A Column Electrified

This bit from Hal Foster The Return of the Real: The Avant-garde at the End of the Century has been reproduced with line breaks set at intervals similar to a newspaper column.

Out of similar symptoms
McLuhan arrives at a different
diagnosis. As in the spectacle of
Debord, so in "the global village"
of McLuhan: distance, spatial as
well as critical, is eclipsed. But
rather than separation, McLuhan
sees "retribalization," and rather
than criticality lost, he sees
distraction transvalued. Oblivious
to Benjamin, McLuhan develops
related ideas, often only to invert
them. For McLuhan new
technologies do not penetrate
the body "surgically" so much as
they extend it "electrically." Yet
like Benjamin he sees this
operation as double: technology
is both an excessive stimulus, a
shock to the body, and a
protective shield against such
stimulus-shock, with the stimulus
converted into the shield (which
then invites more stimulus, and
so on). […] Mcluhan sees this
extension as an ecstatic body
become electric, wired to the
world, and sometimes as a
"suicidal auto-amputation, as if
the central nervous system could
no longer depend on the physical
organs to be protective buffers
against the slings and arrows of
outrageous mechanism."
Hamlet be damned.

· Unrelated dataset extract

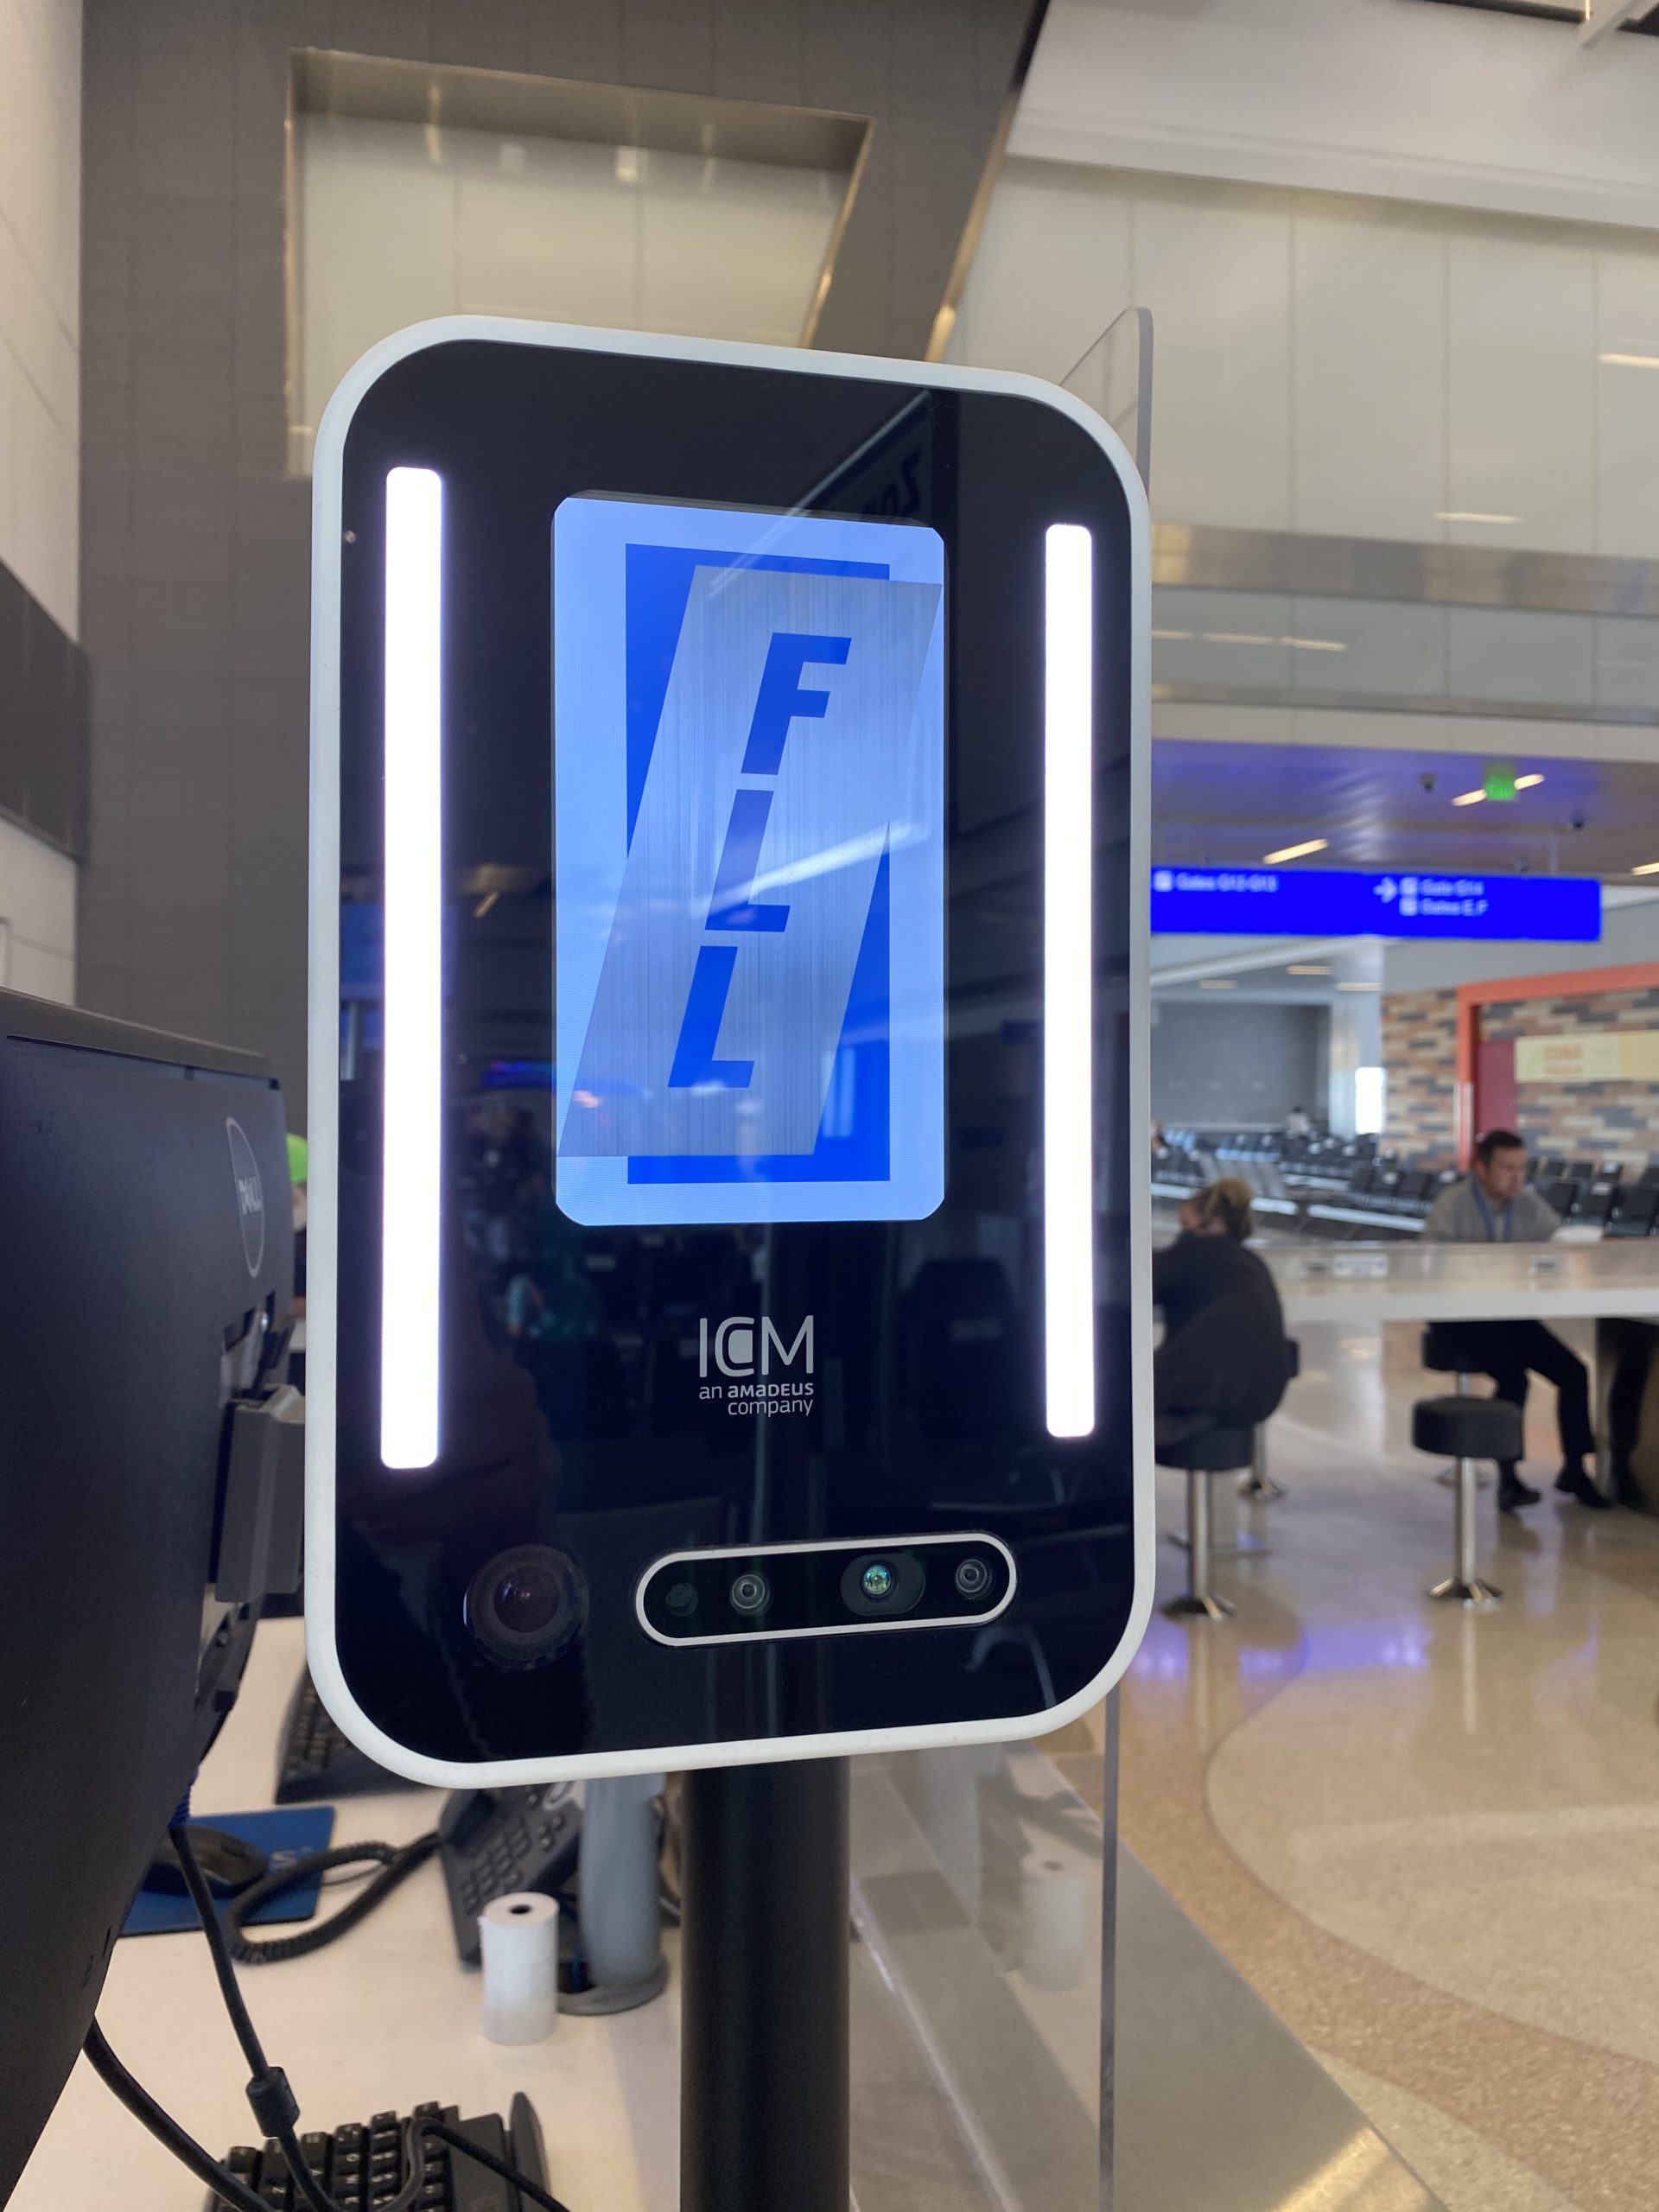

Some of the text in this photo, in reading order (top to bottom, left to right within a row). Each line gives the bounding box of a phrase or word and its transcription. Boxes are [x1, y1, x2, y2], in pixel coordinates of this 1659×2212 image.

Foster's choice of verb (seeing) to describe McLuhan's meditations on technology displays the latter's occularcentrism and it is but a step to an analysis of phallologocentrism. Foster continues with brio:
With these contradictory tropes of extension and amputation, McLuhan remains with the logic of technology as prosthesis — as a divine supplement to the body that threatens a demonic mutilation, or a glorious phallicization of the body that presupposes an horrific castration. Operative in different modernisms, this logic presumes both a male body and a split subject, a subject in lack (indeed, in McLuhan the subject remains a Hamlet wounded by slings and arrows).
Foster goes on to question whether or not we have today exceeded such a logic. A question for 1996. And a question for now?